Rebalancing Retirement: How 401(k) Plans Exacerbate Inequality and What We Can Do About It

Rebalancing Retirement: How 401(k) Plans Exacerbate Inequality and What We Can Do About It

Summary

This article, authored by Quinn Curtis, Leo E. Strine, Jr., and David H. Webber and based on a recent working paper, argues that the current US 401(k) system magnifies wealth inequality despite generous tax subsidies (about 1.5% of GDP). The top decile captures a disproportionate share of benefits, employer matching largely favours higher-paid workers, and existing non-discrimination rules do little to prevent regressivity. The authors propose a package of reforms — raising the minimum wage (with a built-in retirement saving feature), automatic enrolment, restructuring employer matches (dollar caps, staged tranches, aggressive low-dollar matches), faster vesting, and changes to ERISA and tax rules — to make retirement subsidies more equitable and politically feasible.

Key Points

  • Tax subsidies for retirement (≈1.5% of GDP) overwhelmingly benefit high earners: the top 10% capture around 60% of the tax advantages.
  • 401(k) design and employer matching are skewed toward the affluent; an estimated 44% of employer subsidies go to the top 20% of workers.
  • Median retirement savings vary dramatically: bottom quintile ≈ $0, middle ≈ $64,300, top bracket ≈ $605,000; Black families hold less than half the savings of white families.
  • Current non-discrimination rules are weak; the authors estimate the entire 401(k) system would fail an equity-focused non-discrimination test.
  • Key reform proposals: automatic enrolment, unconditional baseline employer contributions, aggressive low-dollar matches, dollar (not percentage) match caps, participation preconditions for discretionary matches, and one-year vesting for matches.
  • Complementary policy: raise the federal minimum wage toward $15/hour over five years and require a portion be directed to retirement saving to increase low- and middle-income capacity to save.
  • Reforms are presented as incremental, politically feasible and rooted in bipartisan public concern about retirement security (polling shows broad support).

Content summary

The authors document how income inequality, plan design, and employer match rules combine to make defined contribution plans regressive. Low- and middle-income workers face structural obstacles — shorter job tenure, less intergenerational wealth, stronger inertia in saving behaviour, and inability to reach tax-advantaged contribution caps — so current match formulas and percentage caps tilt benefits to higher earners. The paper offers a concrete reform package that realigns tax expenditures toward those who need retirement savings most, without eliminating tax-favoured opportunities for higher earners.

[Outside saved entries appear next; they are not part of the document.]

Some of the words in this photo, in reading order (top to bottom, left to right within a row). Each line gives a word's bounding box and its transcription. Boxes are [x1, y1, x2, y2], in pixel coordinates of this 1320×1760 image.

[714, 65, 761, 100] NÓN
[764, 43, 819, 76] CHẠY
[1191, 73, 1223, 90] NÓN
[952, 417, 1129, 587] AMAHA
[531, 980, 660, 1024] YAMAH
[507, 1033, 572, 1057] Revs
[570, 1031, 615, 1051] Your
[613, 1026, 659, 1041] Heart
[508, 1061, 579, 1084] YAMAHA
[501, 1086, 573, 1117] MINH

The reform architecture includes: default automatic enrolment; a three-tranche employer contribution structure with an initial unconditional contribution, a higher-than-1:1 match on low-dollar contributions, and a subsequent 1:1 tranche; dollar caps on matches; requirements that a large share of employees use the first tranches before discretionary matches kick in; and shortening vesting periods to one year. Coupling these reforms with a minimum wage increase that includes a mandatory retirement saving component would expand the capacity to save for lower-paid workers.

Context and relevance

This article matters because a large public subsidy is currently failing to advance broad-based retirement security and is instead deepening wealth gaps. The proposals intersect with wider debates on wage stagnation, racial wealth disparities, and how to make tax expenditures progressive. Policymakers and employers evaluating retirement plan design, as well as advocates focused on income and racial equity, will find the analysis and practical reform options directly relevant.

Author style

Punchy: the authors mix empirical diagnosis with actionable policy steps — not a call to tear down the 401(k) system but to rework incentives so taxpayer money buys far more shared retirement security.

Why should I read this?

Because this paper untangles why a huge public subsidy is mostly helping rich folks and gives concrete, politically realistic fixes. If you care about fairer retirement outcomes, wage policy, or smarter use of tax relief, the authors save you the digging — they show what to change and why it could actually pass.